次に、ビスフェノールA型エポキシ樹脂(商品名:JER(登録商標)828、三菱化学株式会社製)100質量部とナフテン酸亜鉛10質量部とをメチルエチルケトン400質量部に溶解した樹脂組成物を、ロールコーター法によりマイカシートに塗布し、その上に繊維補強材としてのガラスクロスを貼り合わせた。
次に、ビスフェノールA型エポキシ樹脂(商品名:JER(登録商標)828、三菱化学株式会社製)150質量部と、ナフテン酸亜鉛15質量部と、最大粒径5μmの窒化ホウ素粉末と、メチルエチルケトン1000質量部とを混合し、窒化ホウ素粉末のスラリーを調製した。このスラリーを、ロールコーター法により上記マイカシートとガラスクロスとの貼り合わせ体におけるガラスクロス面に塗布し、乾燥させ、窒化ホウ素粉末を含有する補強層を形成した(窒化ホウ素粉末の目付量20g/m2)。

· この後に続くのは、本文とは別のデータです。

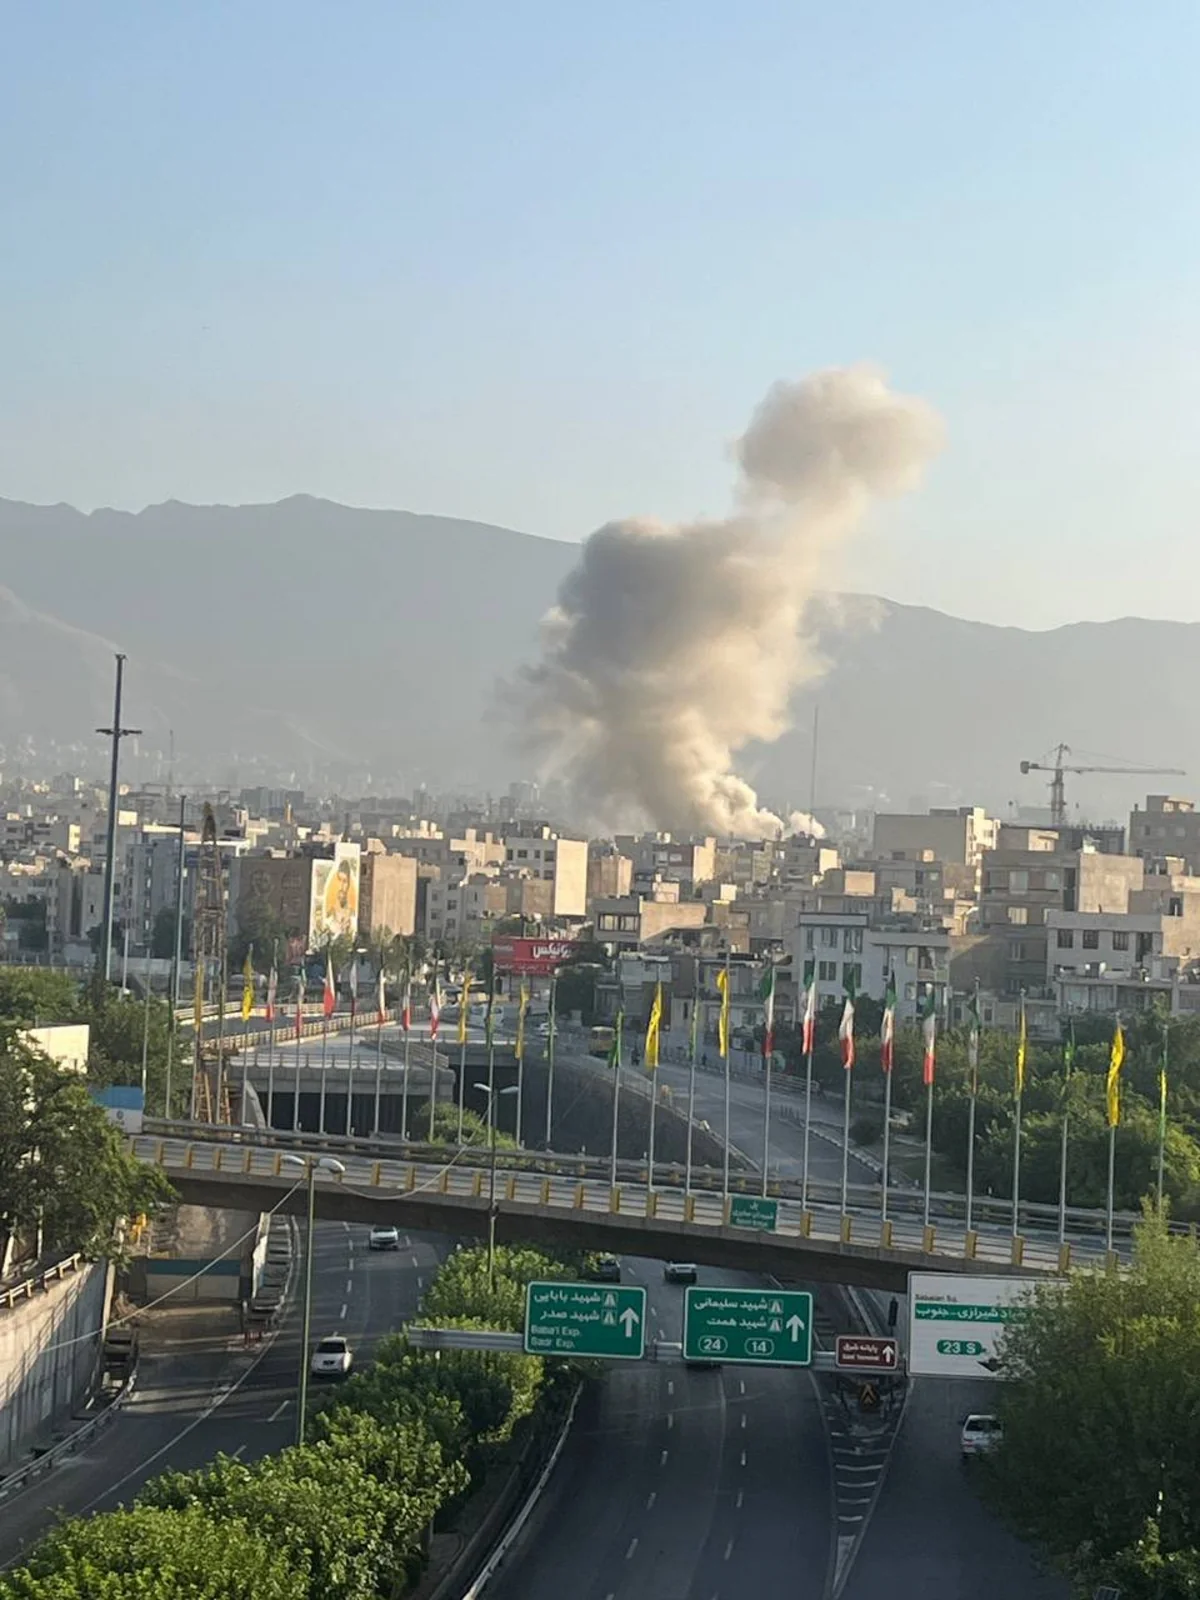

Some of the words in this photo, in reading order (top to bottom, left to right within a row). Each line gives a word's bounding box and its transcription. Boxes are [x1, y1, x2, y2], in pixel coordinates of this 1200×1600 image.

[534, 1290, 568, 1303] بابایی
[570, 1291, 601, 1304] شهید
[694, 1297, 738, 1310] سلیمانی
[739, 1297, 768, 1311] شهید
[540, 1310, 567, 1320] صدر
[570, 1310, 600, 1322] شهید
[916, 1307, 949, 1319] جنوب
[957, 1306, 999, 1319] شیرازی
[706, 1317, 737, 1326] همت
[739, 1316, 767, 1329] شهید
[703, 1339, 721, 1350] 24
[751, 1341, 767, 1353] 14
[943, 1342, 961, 1354] 23
[966, 1343, 976, 1354] S
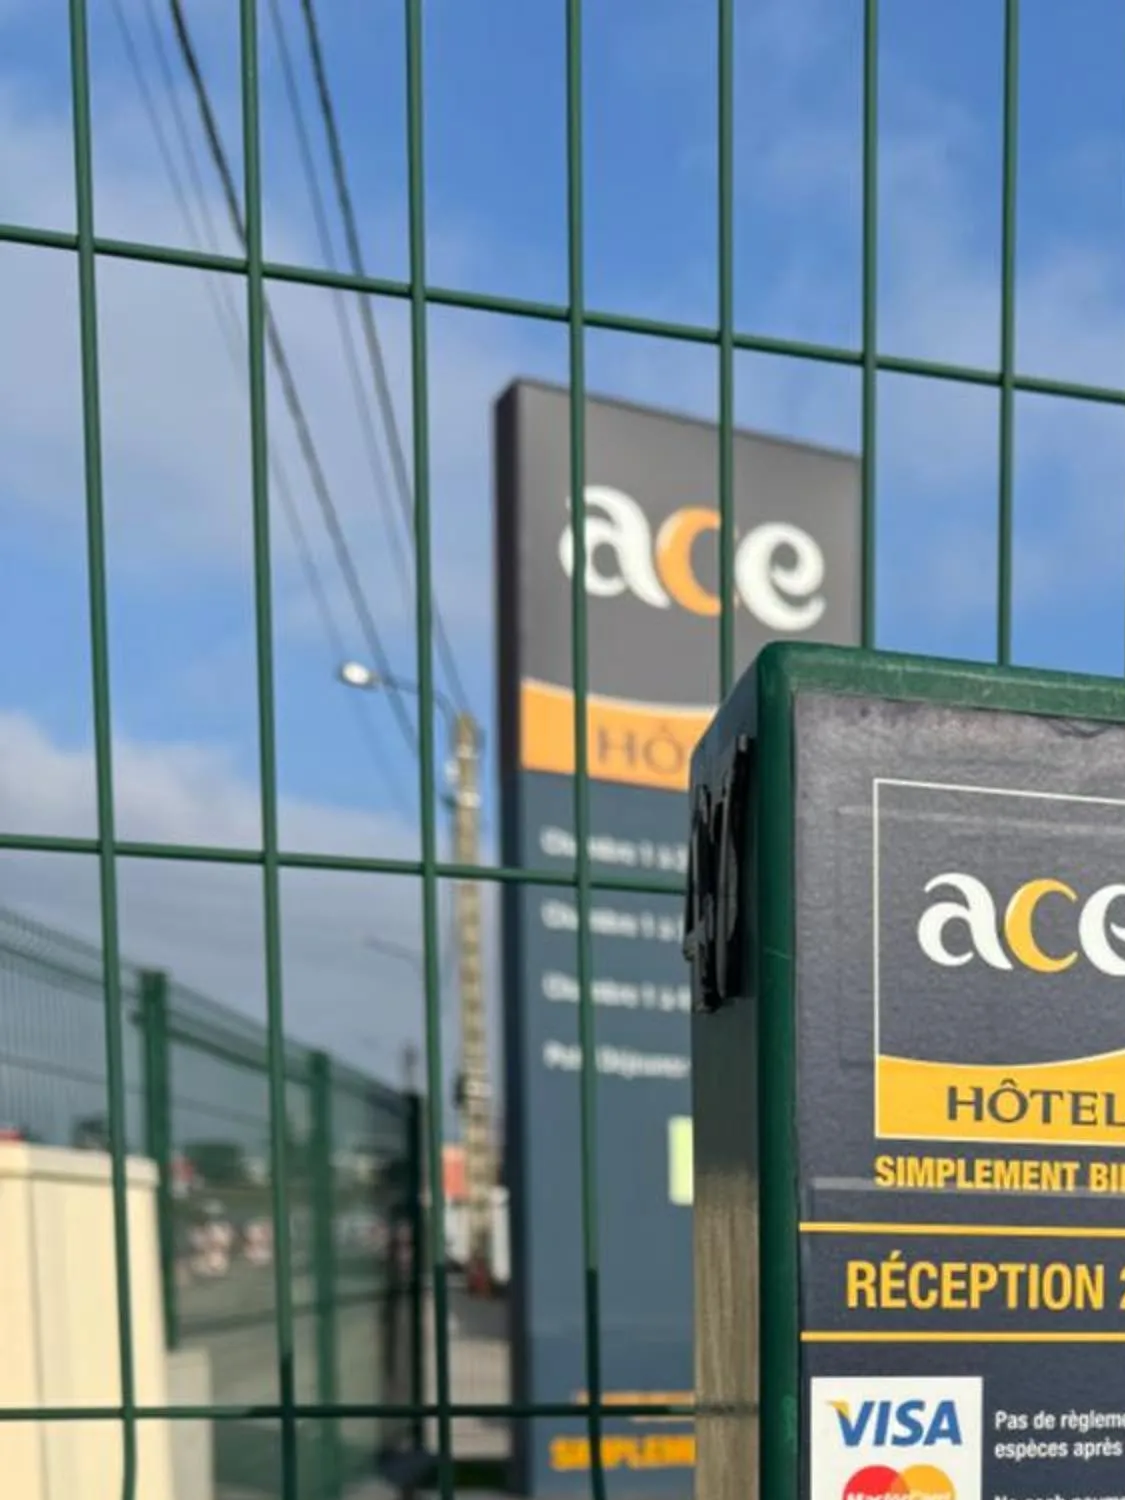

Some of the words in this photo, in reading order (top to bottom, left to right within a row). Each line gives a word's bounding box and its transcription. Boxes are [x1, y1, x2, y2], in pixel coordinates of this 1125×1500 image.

[559, 485, 826, 631] ace
[874, 1155, 1080, 1192] SIMPLEMENT
[846, 1249, 1105, 1311] RÉCEPTION
[826, 1399, 963, 1447] VISA
[994, 1409, 1028, 1430] Pas
[1033, 1410, 1056, 1430] de
[994, 1438, 1068, 1461] espèces
[1073, 1437, 1123, 1460] après

続いて、ヒドロキシエチルセロルースA(分子量:約300000、-CH2CH2OHによる置換度:1)を水に溶解させたスラリーを、スプレー法により補強層の表面に塗布し、80℃で乾燥させ、セルロース誘導体層を形成し、3層構造の絶縁テープを得た。なお、得られた絶縁テープ1m2当たり、マイカシートは100g含有されており(目付量100g/m2)、窒化ホウ素粉末は20g含有されており(目付量20g/m2)、ガラスクロスは20g含有されており(目付量20g/m2)、ヒドロキシエチルセロルースAは1g含有されていた(目付量1g/m2)。この絶縁テープを幅30mmに切断した。

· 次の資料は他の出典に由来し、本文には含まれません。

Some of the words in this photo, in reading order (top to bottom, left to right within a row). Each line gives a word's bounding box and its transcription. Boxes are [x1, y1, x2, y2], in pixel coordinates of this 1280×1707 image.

次に、この絶縁テープを、マイカ層面をコイル導体側にして、半重ね巻きで、50×20×7000mmのコイル導体に20回巻き付けた。コイル導体には複数の平角絶縁素線を束ねてレーベル転位させたものを用いた。次に、この絶縁テープを巻き付けたコイル導体に、真空加圧含浸方式によりビスフェノールA型エポキシ樹脂(商品名:JER(登録商標)828、三菱化学株式会社製)100質量部と、メチルテトラヒドロ無水フタル酸硬化剤(商品名:HN-2200、日立化成工業株式会社製)90質量部とからなる液状熱硬化性樹脂組成物を含浸させた。この液状熱硬化性樹脂組成物を含浸させた絶縁テープの厚さが4mmになるように治具を用いてプレス成形し、乾燥炉で加熱して、液状熱硬化性樹脂組成物を硬化させることにより固定子コイルを得た。
実施例2~11については表1~3に示す材料を用いて実施例1と同様に固定子コイルを作製し、評価を行った。なお、表中のカルボキシメチルセロルースの分子量は約150000であり、-CH2COOHによる置換度は2であり、メチルセルロースの分子量は、約250000であり、-CH3による置換度は1である。
ヒドロキシエチルセロルースA(分子量:約300000、-CH2CH2OHによる置換度:1)の代わりに、ヒドロキシエチルセロルースB(分子量:約230000、-(CH2CH2O)2Hによる置換度:1)を用いたこと以外は実施例1と同様の手法にて固定子コイルを作製し、評価を行った。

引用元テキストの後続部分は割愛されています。